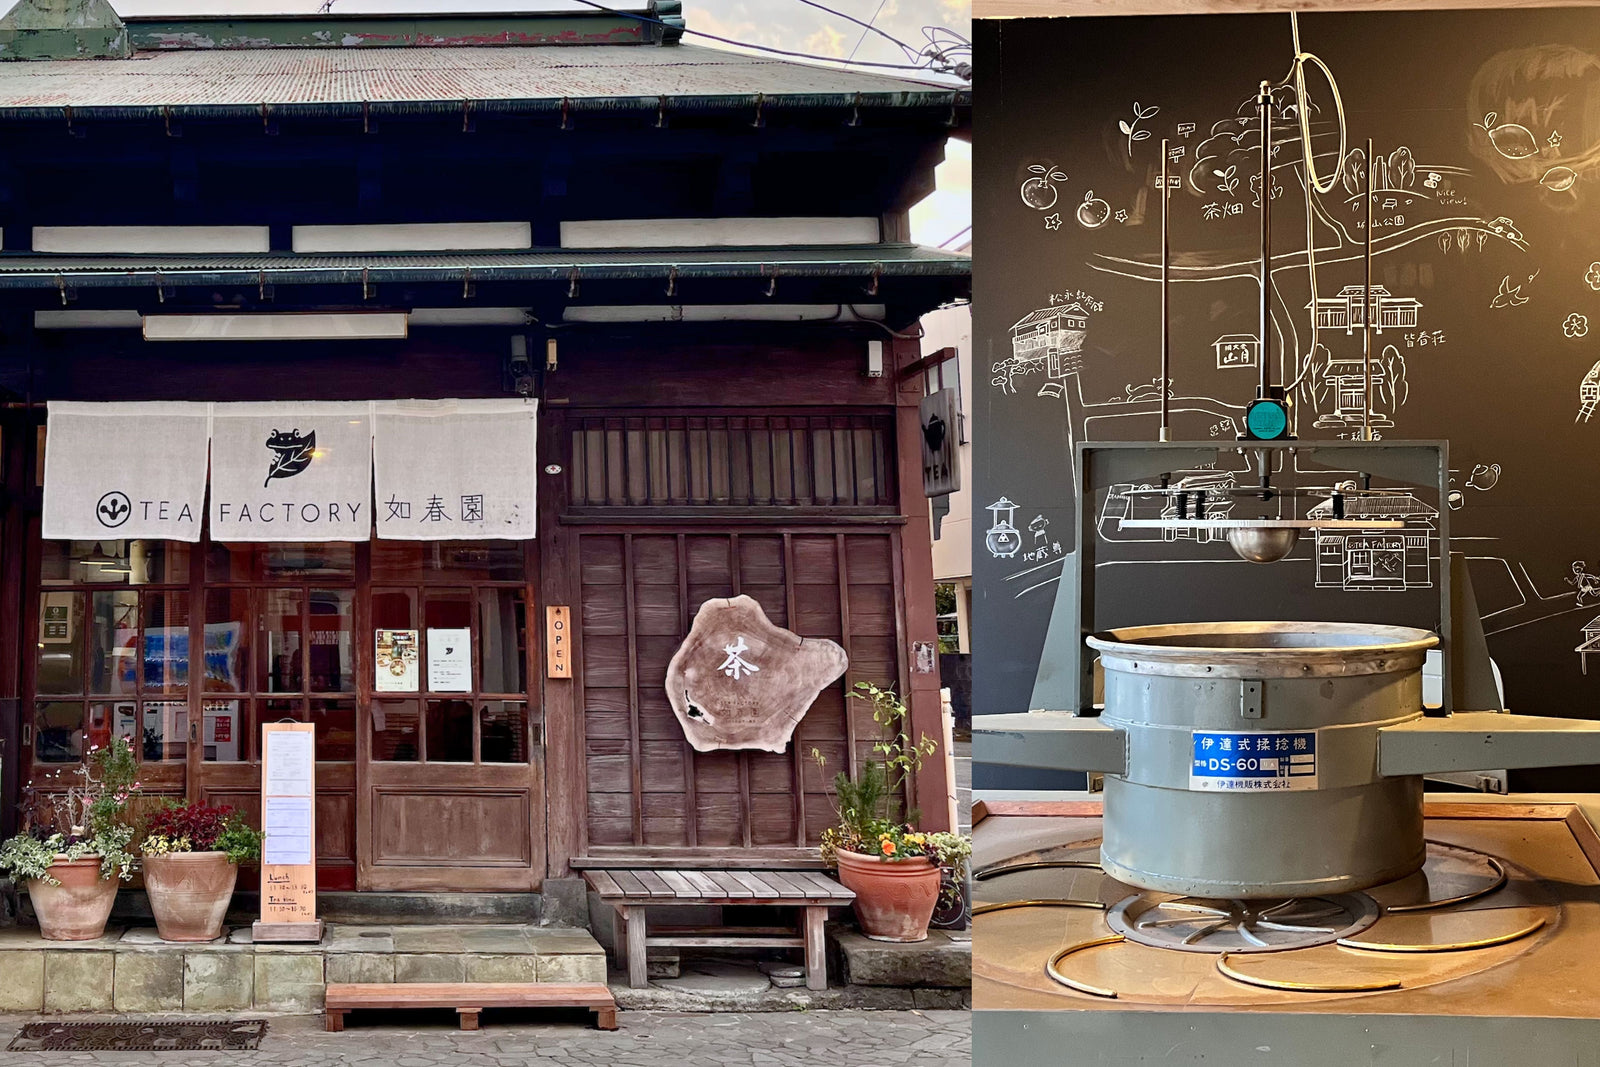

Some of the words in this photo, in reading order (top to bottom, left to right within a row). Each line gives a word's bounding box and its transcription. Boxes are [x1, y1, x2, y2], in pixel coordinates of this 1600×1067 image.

[1201, 202, 1244, 220] 茶畑
[924, 463, 949, 482] TEA
[139, 500, 193, 522] TEA
[219, 502, 361, 523] FACTORY
[384, 493, 483, 523] 如春園
[554, 620, 564, 672] OPEN
[716, 635, 760, 680] 茶
[1201, 736, 1307, 751] 伊達式揉捻機
[1209, 758, 1258, 771] DS-60
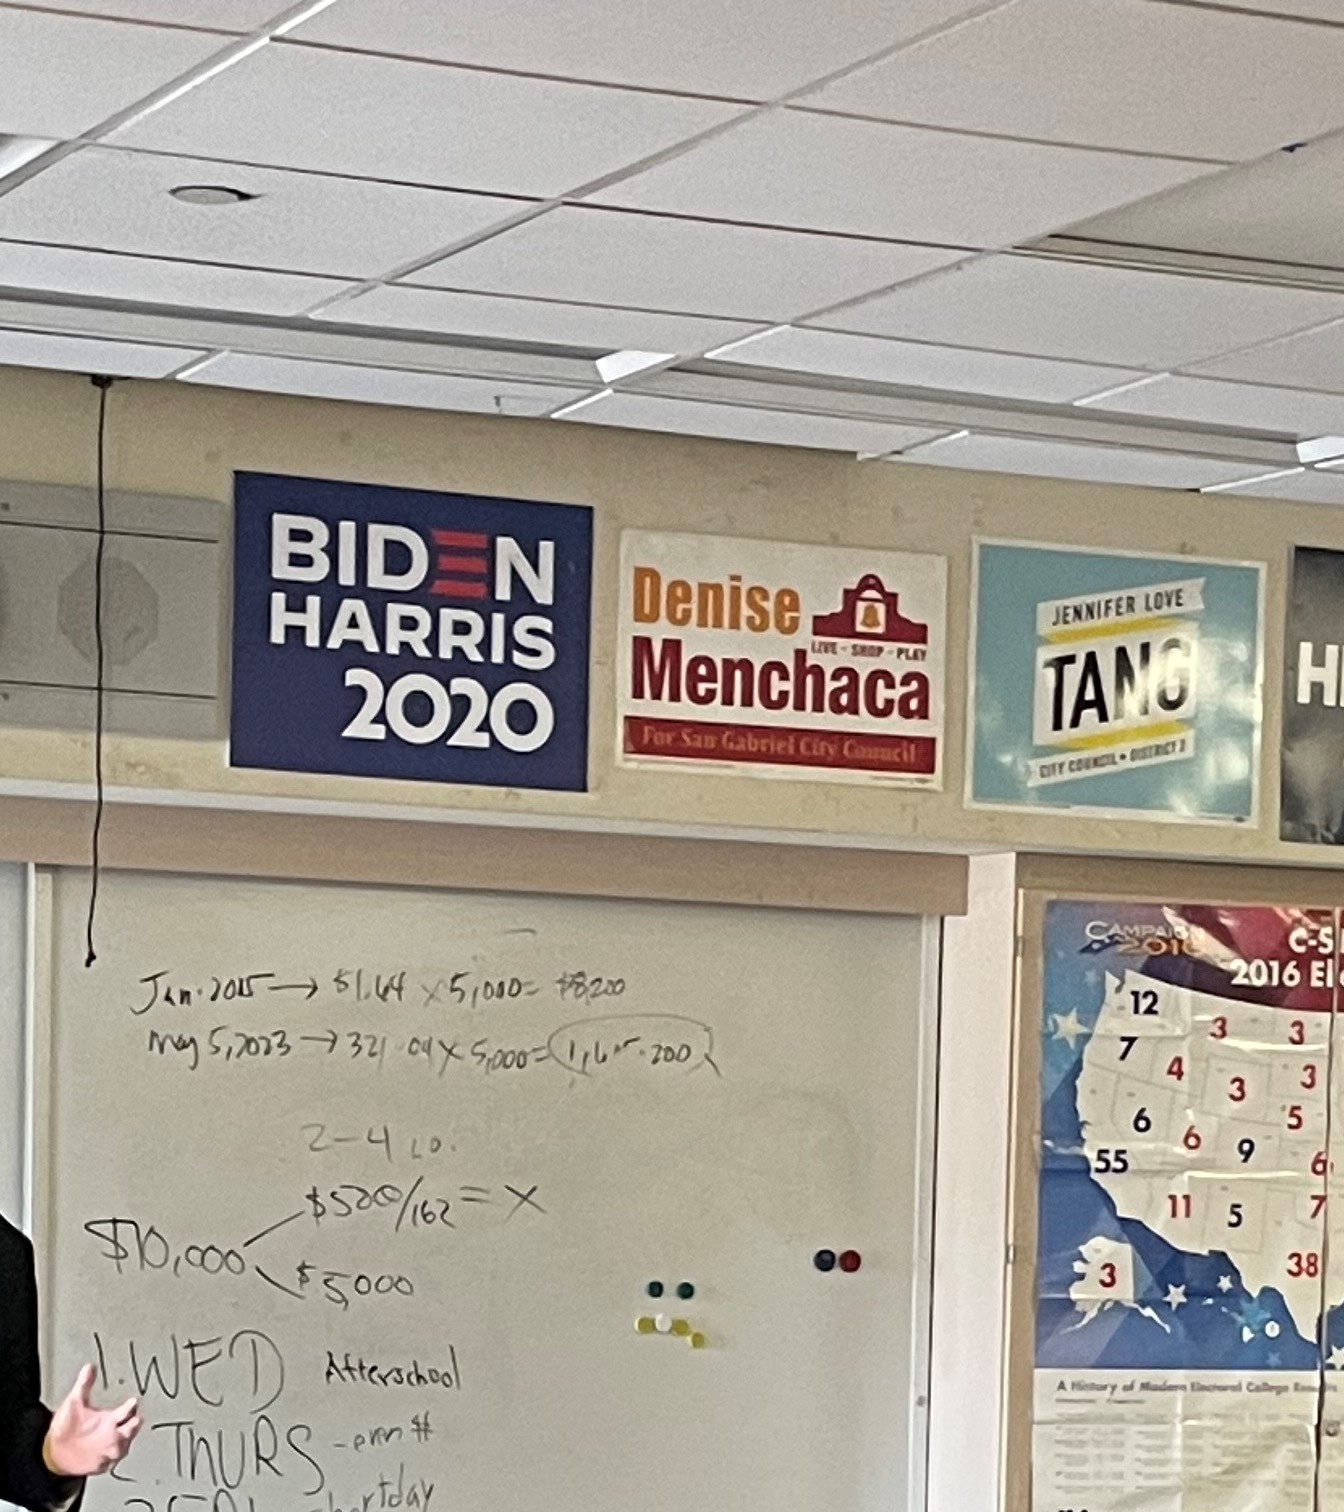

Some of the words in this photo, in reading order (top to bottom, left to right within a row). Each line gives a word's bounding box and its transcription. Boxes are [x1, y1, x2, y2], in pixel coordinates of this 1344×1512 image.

[271, 512, 554, 605] BIDEN
[632, 565, 801, 636] Denise
[1052, 595, 1136, 626] JENNIFER
[1144, 588, 1184, 612] LOVE
[270, 591, 554, 671] HARRIS
[632, 634, 930, 721] Menchaca
[1043, 637, 1192, 731] TANG
[341, 667, 554, 753] 2020
[642, 724, 675, 747] For
[680, 728, 716, 749] San
[721, 731, 796, 754] Gabriel
[799, 736, 840, 760] City
[843, 739, 916, 764] Council
[1039, 760, 1065, 779] CITY
[1230, 959, 1301, 987] 2016
[1130, 991, 1159, 1015] 12
[1210, 1016, 1228, 1040] 3
[1289, 1020, 1305, 1045] 3
[1119, 1036, 1138, 1061] 7
[1166, 1056, 1184, 1081] 4
[1300, 1064, 1317, 1090] 3
[1229, 1076, 1246, 1102] 3
[1133, 1107, 1152, 1133] 6
[1287, 1105, 1303, 1130] 5
[1182, 1125, 1202, 1150] 6
[1094, 1149, 1129, 1174] 55
[1237, 1138, 1256, 1163] 9
[1311, 1151, 1328, 1176] 6
[1167, 1194, 1192, 1218] 11
[1227, 1203, 1243, 1228] 5
[1310, 1194, 1328, 1219] 7
[84, 1217, 246, 1276] $10,000
[1099, 1262, 1117, 1288] 3
[1286, 1252, 1319, 1277] 38
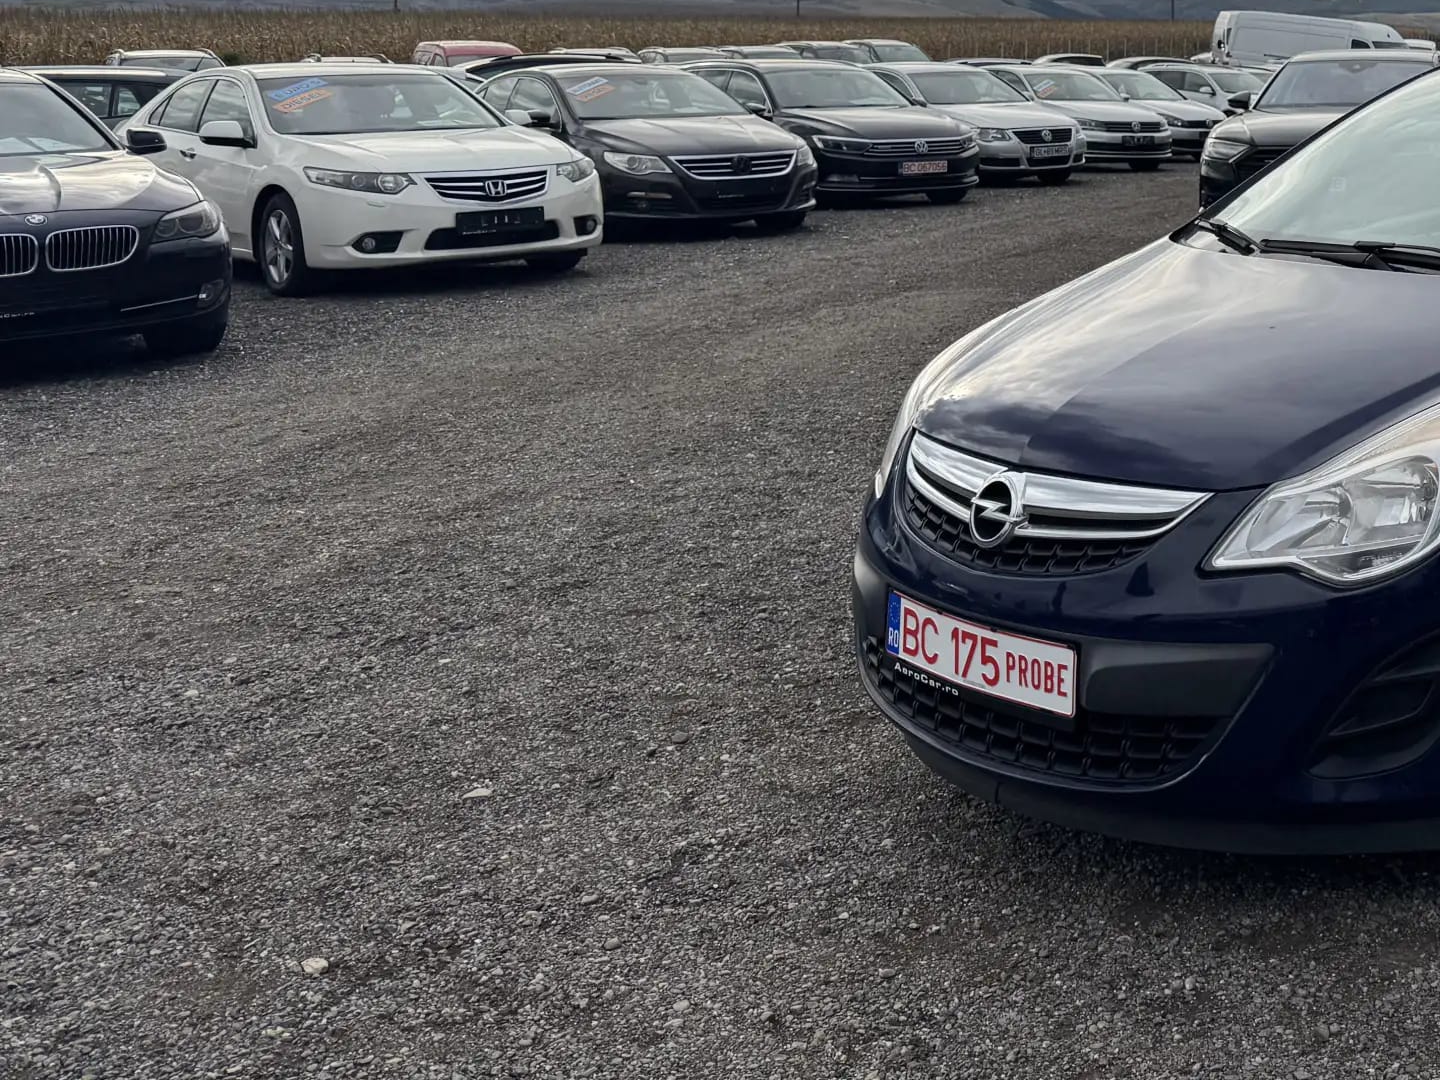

### What the task requires
Leave the pictures out and reproduce exactly the lines from the line with "this 1344×1512 image." to the end of the material above.

### Answer space
Some of the words in this photo, in reading order (top to bottom, left to right within a row). Each line gives a word's bounding box and its transcription. Boxes are [x1, y1, x2, y2], in pixel coordinates of this 1344×1512 image.

[271, 512, 554, 605] BIDEN
[632, 565, 801, 636] Denise
[1052, 595, 1136, 626] JENNIFER
[1144, 588, 1184, 612] LOVE
[270, 591, 554, 671] HARRIS
[632, 634, 930, 721] Menchaca
[1043, 637, 1192, 731] TANG
[341, 667, 554, 753] 2020
[642, 724, 675, 747] For
[680, 728, 716, 749] San
[721, 731, 796, 754] Gabriel
[799, 736, 840, 760] City
[843, 739, 916, 764] Council
[1039, 760, 1065, 779] CITY
[1230, 959, 1301, 987] 2016
[1130, 991, 1159, 1015] 12
[1210, 1016, 1228, 1040] 3
[1289, 1020, 1305, 1045] 3
[1119, 1036, 1138, 1061] 7
[1166, 1056, 1184, 1081] 4
[1300, 1064, 1317, 1090] 3
[1229, 1076, 1246, 1102] 3
[1133, 1107, 1152, 1133] 6
[1287, 1105, 1303, 1130] 5
[1182, 1125, 1202, 1150] 6
[1094, 1149, 1129, 1174] 55
[1237, 1138, 1256, 1163] 9
[1311, 1151, 1328, 1176] 6
[1167, 1194, 1192, 1218] 11
[1227, 1203, 1243, 1228] 5
[1310, 1194, 1328, 1219] 7
[84, 1217, 246, 1276] $10,000
[1099, 1262, 1117, 1288] 3
[1286, 1252, 1319, 1277] 38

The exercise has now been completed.